Abattage des animaux errants : L’Etat dit stop à la galoufa

Le ministère de l’Agriculture, du Développement rural et de la Pêche a annoncé l’arrêt immédiat et définitif de toutes les opérations d’abattage d’animaux errants, appelées communément galoufa, menées dans plusieurs communes du pays. La décision, confirmée après plusieurs années de mobilisation des défenseurs des animaux, a été prise dans le cadre des prérogatives légales du ministère, seule autorité compétente en matière de santé animale et de protection de la faune domestique.
Dans une correspondance adressée aux walis de la République, le département de Yacine Oualid, a fait état de signalements concernant l’abattage d’animaux errants de manière anarchique dans diverses municipalités, visant principalement des chiens et des chats. Ces opérations impliquaient l’usage d’armes à feu, l’empoisonnement ou encore des actes de maltraitance, pratiques dénoncées pour leur caractère contraire aux valeurs humanitaires et religieuses du pays.
Le ministère a souligné que ces initiatives locales ont été conduites sans coordination avec ses services et nuisent à l’image de l’Algérie sur la scène internationale. Il a rappelé également que les expériences nationales et étrangères confirment l’inefficacité des campagnes d’abattage de masse, qui créent un vide écologique rapidement comblé par d’autres espèces, notamment les rongeurs.
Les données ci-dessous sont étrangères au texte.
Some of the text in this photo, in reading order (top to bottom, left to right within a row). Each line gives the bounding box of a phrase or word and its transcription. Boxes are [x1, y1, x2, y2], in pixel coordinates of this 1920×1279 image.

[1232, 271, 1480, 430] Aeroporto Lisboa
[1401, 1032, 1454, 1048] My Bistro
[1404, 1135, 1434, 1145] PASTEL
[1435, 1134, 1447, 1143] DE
Dans son envoi, la même source a affirmé engager une politique de gestion durable des animaux errants, alignée sur les standards internationaux. Cette stratégie repose sur le protocole TNVR (Capture – Stérilisation – Vaccination – Relâche), destiné à réduire progressivement et naturellement les populations animales et à limiter les risques sanitaires, notamment ceux liés à la rage.
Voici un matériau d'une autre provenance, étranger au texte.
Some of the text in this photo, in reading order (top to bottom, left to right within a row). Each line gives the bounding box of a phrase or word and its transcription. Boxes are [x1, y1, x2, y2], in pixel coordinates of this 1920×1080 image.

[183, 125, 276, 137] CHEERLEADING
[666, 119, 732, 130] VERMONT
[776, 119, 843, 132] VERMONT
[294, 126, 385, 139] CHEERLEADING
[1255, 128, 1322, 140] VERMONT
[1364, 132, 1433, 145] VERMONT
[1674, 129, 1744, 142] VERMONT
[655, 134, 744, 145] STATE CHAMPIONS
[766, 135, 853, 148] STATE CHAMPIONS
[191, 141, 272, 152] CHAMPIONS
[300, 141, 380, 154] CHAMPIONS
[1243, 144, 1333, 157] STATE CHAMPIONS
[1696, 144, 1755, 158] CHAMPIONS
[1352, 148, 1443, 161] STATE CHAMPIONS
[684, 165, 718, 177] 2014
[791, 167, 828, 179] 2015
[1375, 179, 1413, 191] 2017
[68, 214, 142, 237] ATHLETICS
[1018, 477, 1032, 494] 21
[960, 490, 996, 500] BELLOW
Des campagnes de vaccination à grande échelle sont prévues, parallèlement à la mise en place de refuges spécialisés supervisés par les services vétérinaires, afin d’assurer l’accueil temporaire des animaux et de promouvoir l’adoption responsable. Le ministère a prévu également des actions de sensibilisation visant à encourager une possession responsable et à prévenir l’abandon.

Un ouf de soulagement

Le ministère a rappelé également qu’il demeure l’unique instance légalement habilitée à prendre des décisions concernant les animaux errants. À ce titre, il a ordonné l’arrêt immédiat de toutes les campagnes d’abattage, qu’elles soient qualifiées de « sauvages » ou conduites de façon non coordonnée ; l’obligation de coordination avec les services vétérinaires du ministère au niveau des wilayas avant toute décision ou opération relative à la gestion des animaux errants ainsi que le renforcement de la coopération entre services de wilaya et services centraux pour la mise en œuvre des programmes nationaux de stérilisation et de vaccination, avec mobilisation des moyens nécessaires. Ces directives s’accompagnent d’un rappel strict aux maires quant au respect des protocoles nationaux établis.
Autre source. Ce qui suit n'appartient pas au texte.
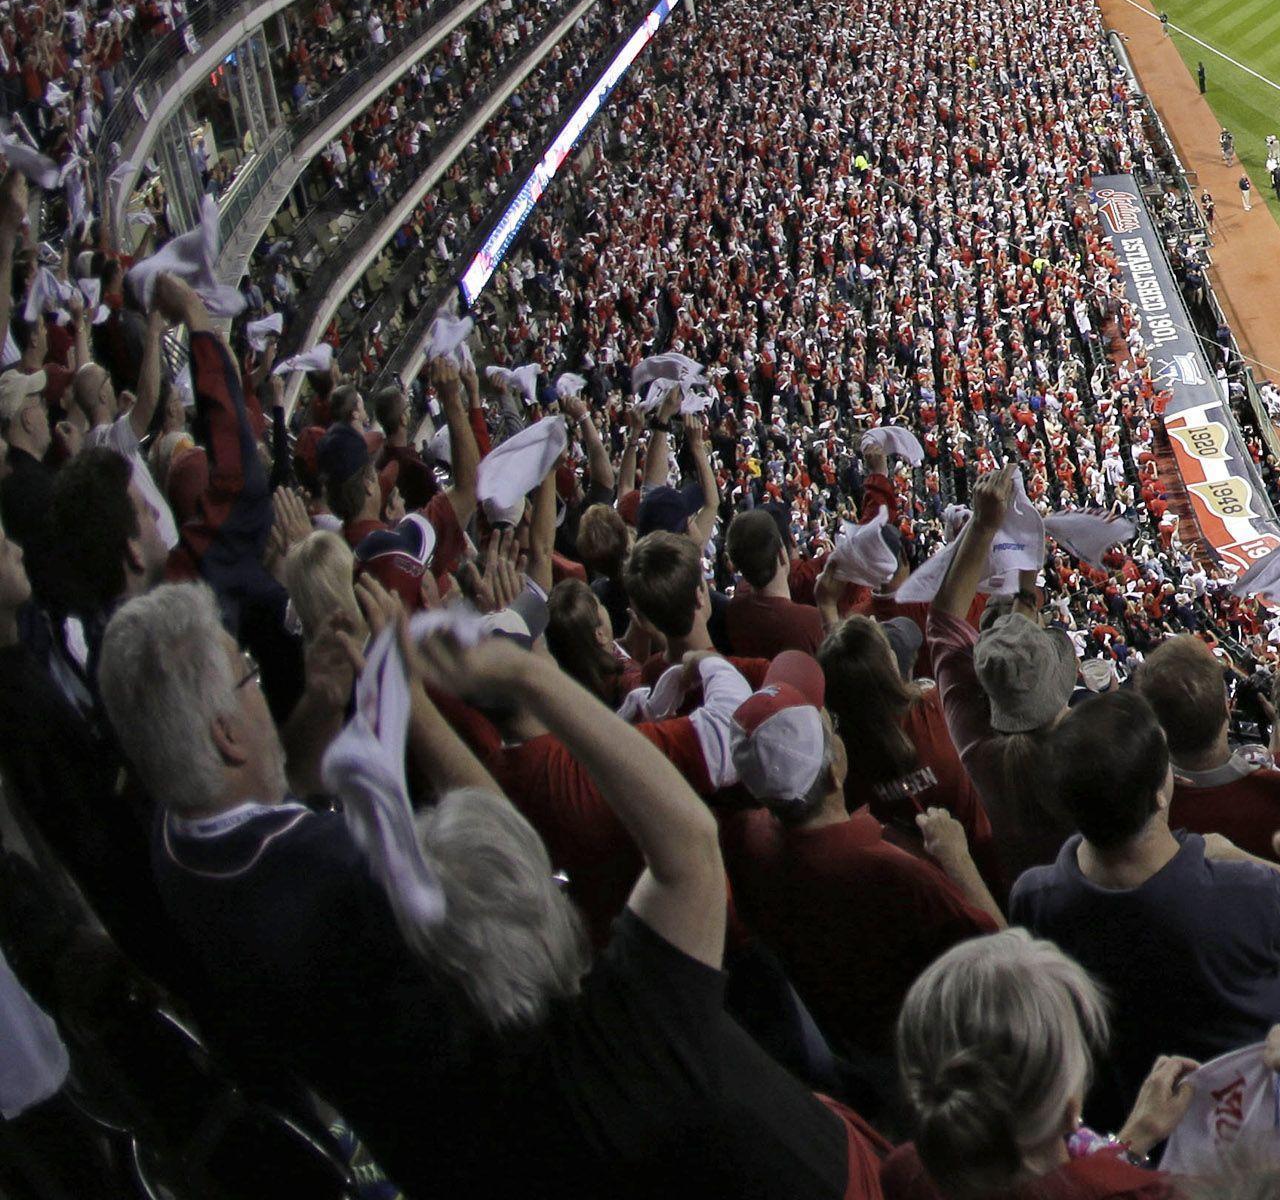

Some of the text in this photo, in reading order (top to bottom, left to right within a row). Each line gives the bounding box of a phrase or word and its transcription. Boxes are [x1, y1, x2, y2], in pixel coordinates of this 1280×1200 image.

[1096, 187, 1142, 234] Indians
[1121, 237, 1167, 312] ESTABLISHED
[1187, 427, 1219, 458] 1920
[1208, 481, 1243, 515] 1948
[1239, 540, 1273, 559] 19
Une prise de conscience officielle qui était attendue particulièrement après que Yacine Oualid a récemment reçu une délégation de défenseurs des animaux, une première dans l’histoire récente du pays.
Cette décision sonne donc comme une victoire pour les défenseurs des droits des animaux qui n’ont cessé de dénoncer depuis des années ces campagnes d’abattage.
#stop_galoufa_en_algérie, était devenu un hashtag viral, en 2021, à travers une première campagne virtuelle citoyenne pour dénoncer et surtout condamner la mise à mort systématique, dans des conditions souvent inhumaines, des chats et des chiens à Alger, Oran et un peu partout dans le pays. Etymologiquement, la galoufa trouve son origine dans le nom déformé par le langage populaire du premier capteur de chiens à Alger, pendant la période coloniale, en l’occurrence un certain Garufa, un français d’origine espagnole. Littéralement, elle désigne la fourrière où sont placés les chiens et les chats avant d’être abattus. Ainsi, c’était une véritable levée de boucliers qui a accompagné ce mouvement citoyen appelant à l’arrêt de la galoufa et au respect des droits des animaux.
Les premières réactions des figures notables de la défense des droits des animaux, à l’image de la vétérinaire, Bachène, étaient de saluer cette démarche, en appelant toutefois à un décret qui la pérennise.